Il raconte « … C’était une façon de garder mon esprit en dehors de mes problèmes, parce que ce qu’il se passait dans ma tête était terrifiant… Je me suis accroché à cette guitare, comme un noyé s’accroche à une bouée… C’était mon canot de sauvetage… » C’est ce long passage à l’hôpital, qui donnera naissance à la légende crée par des journalistes. Plusieurs versions existent, mais elles sont toutes un point commun, Jimi Hendrix. À savoir, la visite d’Hendrix à la suite d’un mauvais trip de LSD, et le passage de son aura, son fantôme dans le corps de Marino, ou bien la visite d’Hendrix alors qu’il est dans le coma, qui lui fait le don de savoir jouer de la guitare, alors qu’il ne sait pas encore en jouer, et à son réveil, miracle, il joue comme un Dieu. C’est le mythe, la légende autour de Frank Marino, qui continue toujours de beaucoup l’amuser. Durant cette année de soin, Frank est devenu un bon guitariste, et après sa sortie, il monte un groupe, un trio, et joue tout autour de Montréal. De ces différents trips sous acides, il avait raconté aux médecins leurs avoir donner le nom de « ruées, de rushes d’acajou », mahogany rush. Seul gros problème, il ne possède depuis sa sortie de l’hôpital, qu’une vieille guitare bon marché.
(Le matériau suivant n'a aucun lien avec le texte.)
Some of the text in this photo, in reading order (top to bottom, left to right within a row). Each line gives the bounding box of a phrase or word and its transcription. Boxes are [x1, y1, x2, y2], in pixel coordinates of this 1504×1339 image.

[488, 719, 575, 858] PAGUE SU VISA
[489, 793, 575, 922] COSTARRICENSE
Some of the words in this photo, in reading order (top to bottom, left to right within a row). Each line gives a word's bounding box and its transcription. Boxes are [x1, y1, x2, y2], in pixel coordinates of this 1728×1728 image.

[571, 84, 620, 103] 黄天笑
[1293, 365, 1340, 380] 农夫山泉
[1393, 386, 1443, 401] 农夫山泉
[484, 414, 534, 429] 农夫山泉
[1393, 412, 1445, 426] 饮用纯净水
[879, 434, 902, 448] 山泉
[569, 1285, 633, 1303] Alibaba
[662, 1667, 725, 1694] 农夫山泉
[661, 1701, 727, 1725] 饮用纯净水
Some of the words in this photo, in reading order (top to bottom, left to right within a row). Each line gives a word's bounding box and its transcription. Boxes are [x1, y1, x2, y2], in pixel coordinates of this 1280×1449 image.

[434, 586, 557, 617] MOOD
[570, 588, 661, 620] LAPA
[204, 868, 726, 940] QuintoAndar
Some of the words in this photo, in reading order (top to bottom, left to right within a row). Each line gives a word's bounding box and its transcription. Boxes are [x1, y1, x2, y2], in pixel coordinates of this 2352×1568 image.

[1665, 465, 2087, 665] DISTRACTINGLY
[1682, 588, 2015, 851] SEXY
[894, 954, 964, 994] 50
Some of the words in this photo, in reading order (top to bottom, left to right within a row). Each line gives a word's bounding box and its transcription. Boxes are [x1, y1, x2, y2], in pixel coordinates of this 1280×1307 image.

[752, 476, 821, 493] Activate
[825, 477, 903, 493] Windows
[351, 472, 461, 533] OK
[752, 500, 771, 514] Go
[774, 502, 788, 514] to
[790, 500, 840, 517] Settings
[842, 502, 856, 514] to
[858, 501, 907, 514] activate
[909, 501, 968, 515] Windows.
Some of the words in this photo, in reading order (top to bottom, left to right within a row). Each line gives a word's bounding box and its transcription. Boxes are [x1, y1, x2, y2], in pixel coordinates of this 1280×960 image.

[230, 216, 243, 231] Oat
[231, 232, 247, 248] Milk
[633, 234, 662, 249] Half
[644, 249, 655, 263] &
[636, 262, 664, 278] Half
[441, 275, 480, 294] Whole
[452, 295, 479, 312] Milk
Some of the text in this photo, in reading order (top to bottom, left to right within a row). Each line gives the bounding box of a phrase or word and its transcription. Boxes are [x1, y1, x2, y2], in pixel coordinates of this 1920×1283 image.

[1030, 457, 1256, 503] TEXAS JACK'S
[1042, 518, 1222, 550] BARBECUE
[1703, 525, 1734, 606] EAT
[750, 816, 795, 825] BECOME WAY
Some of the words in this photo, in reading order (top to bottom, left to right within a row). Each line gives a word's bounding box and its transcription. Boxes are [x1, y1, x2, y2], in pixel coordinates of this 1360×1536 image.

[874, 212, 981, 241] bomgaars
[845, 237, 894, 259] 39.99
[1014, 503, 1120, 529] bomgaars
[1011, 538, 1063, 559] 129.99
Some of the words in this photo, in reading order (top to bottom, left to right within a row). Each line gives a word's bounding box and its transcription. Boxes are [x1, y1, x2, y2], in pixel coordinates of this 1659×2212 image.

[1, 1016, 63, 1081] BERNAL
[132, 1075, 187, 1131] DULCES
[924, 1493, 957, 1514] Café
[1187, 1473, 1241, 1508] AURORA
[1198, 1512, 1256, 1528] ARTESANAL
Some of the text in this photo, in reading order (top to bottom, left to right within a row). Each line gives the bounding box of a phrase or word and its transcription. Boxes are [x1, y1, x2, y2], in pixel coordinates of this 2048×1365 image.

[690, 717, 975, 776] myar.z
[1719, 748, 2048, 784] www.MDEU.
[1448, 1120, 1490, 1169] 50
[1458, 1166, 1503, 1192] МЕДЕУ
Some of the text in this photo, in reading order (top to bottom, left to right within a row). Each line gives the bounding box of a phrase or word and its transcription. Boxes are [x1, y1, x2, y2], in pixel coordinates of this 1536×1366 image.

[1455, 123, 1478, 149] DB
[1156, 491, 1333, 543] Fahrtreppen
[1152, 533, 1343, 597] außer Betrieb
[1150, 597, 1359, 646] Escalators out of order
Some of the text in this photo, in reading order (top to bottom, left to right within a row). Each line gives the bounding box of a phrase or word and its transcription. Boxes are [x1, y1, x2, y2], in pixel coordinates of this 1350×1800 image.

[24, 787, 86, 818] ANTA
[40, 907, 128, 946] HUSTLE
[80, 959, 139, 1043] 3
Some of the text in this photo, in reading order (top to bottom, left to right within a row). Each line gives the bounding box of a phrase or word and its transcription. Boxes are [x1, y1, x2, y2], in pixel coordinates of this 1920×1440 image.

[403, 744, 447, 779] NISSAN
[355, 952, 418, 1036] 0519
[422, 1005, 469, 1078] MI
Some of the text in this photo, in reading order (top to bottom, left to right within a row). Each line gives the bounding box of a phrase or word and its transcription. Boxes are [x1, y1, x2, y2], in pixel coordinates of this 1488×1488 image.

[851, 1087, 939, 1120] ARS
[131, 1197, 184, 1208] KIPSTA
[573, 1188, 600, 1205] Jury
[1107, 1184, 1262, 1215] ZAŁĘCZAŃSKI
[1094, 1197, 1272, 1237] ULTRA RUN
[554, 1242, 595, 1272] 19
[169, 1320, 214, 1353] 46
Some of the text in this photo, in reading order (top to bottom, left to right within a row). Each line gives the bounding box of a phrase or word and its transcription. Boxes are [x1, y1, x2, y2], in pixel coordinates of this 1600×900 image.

Il se souvient « … Ma Mère a dit à mon Père, si l’instrument l’aide à se sentir mieux, il faut lui en acheter un. Elle est descendue dans la rue voir un mec qui en possédait une, elle lui a parlé, et il lui a vendu sa Les Paul SG 61′ pour soixante quinze dollars. Au début je n’avais pas d’ampli, je posais mes dents sur la guitare, et j’écoutais le son dans ma tête… » Frank Marino & Mahogany Rush prend sa forme finale autour du batteur Jimmy Ayoub, âgé de trente ans, et du bassiste Paul Harwood âgé lui de trente deux ans, et s’installe dans la région de Montréal, avec aux commandes un môme de seize ans !!! Le groupe donne de nombreux concerts gratuits, devant une foule bigarrée, fumant de l’herbe et écoutant de la musique psychédélique. Un petit label américain leur propose d’enregistrer un album, Frank qui n’a que seize ans refuse, il ne veut pas faire de disque « … Ce n’est pas cool d’être commercial quand on est hippie… » Pourtant le label insiste, le groupe va se retrouver dans un vrai studio d’enregistrement, bourré d’équipements dont il pourra se servir. Et en plus, Frank pourra faire tout ce qu’il veut, rien ne lui sera imposé. « … Ils ont laissé un gamin de seize ans produire son premier album, qui dirait non à cela?… » Le résultat « Maxoom », 1972, un mélange d’influences diverses, Rock, Blues, Pop, hard Funk, psyché, dominé par la guitare de Marino.

Une dédicace figure sur l’album, il est dédié à Jimi Hendrix, en plus, Frank a composé un morceau en hommage au guitariste disparu. Bien, je vais maintenant chausser mes bottes de sept lieues, pour nous emmener en 1980, date de la sortie du huitième, et nouvel album du groupe, « What’s Next », disque qui nous intéresse aujourd’hui. C’est le dernier album studio où figure le nom du groupe, Mahogany Rush disparait des titres dès l’album suivant, pour ne plus rester que le nom de Frank Marino. Tous les morceaux sont composés par Marino, hormis trois reprises, « Rock Me Baby » de B.B. King, « Mona » de Bo Diddley, et « Roadhouse Blues » des Doors. Le disque est produit et les arrangements sont de Frank Marino. Pour cet album, Frank a fait appel à deux musiciens supplémentaires, son frère Vince à la guitare rythmique, et Jim Zeller à l’harmonica. L’album est bien reçu, et grimpe dans le Top 100 des charts US, et canadiens, durant deux mois. À la première écoute, ce qui frappe immédiatement, c’est la puissance, la force de la musique.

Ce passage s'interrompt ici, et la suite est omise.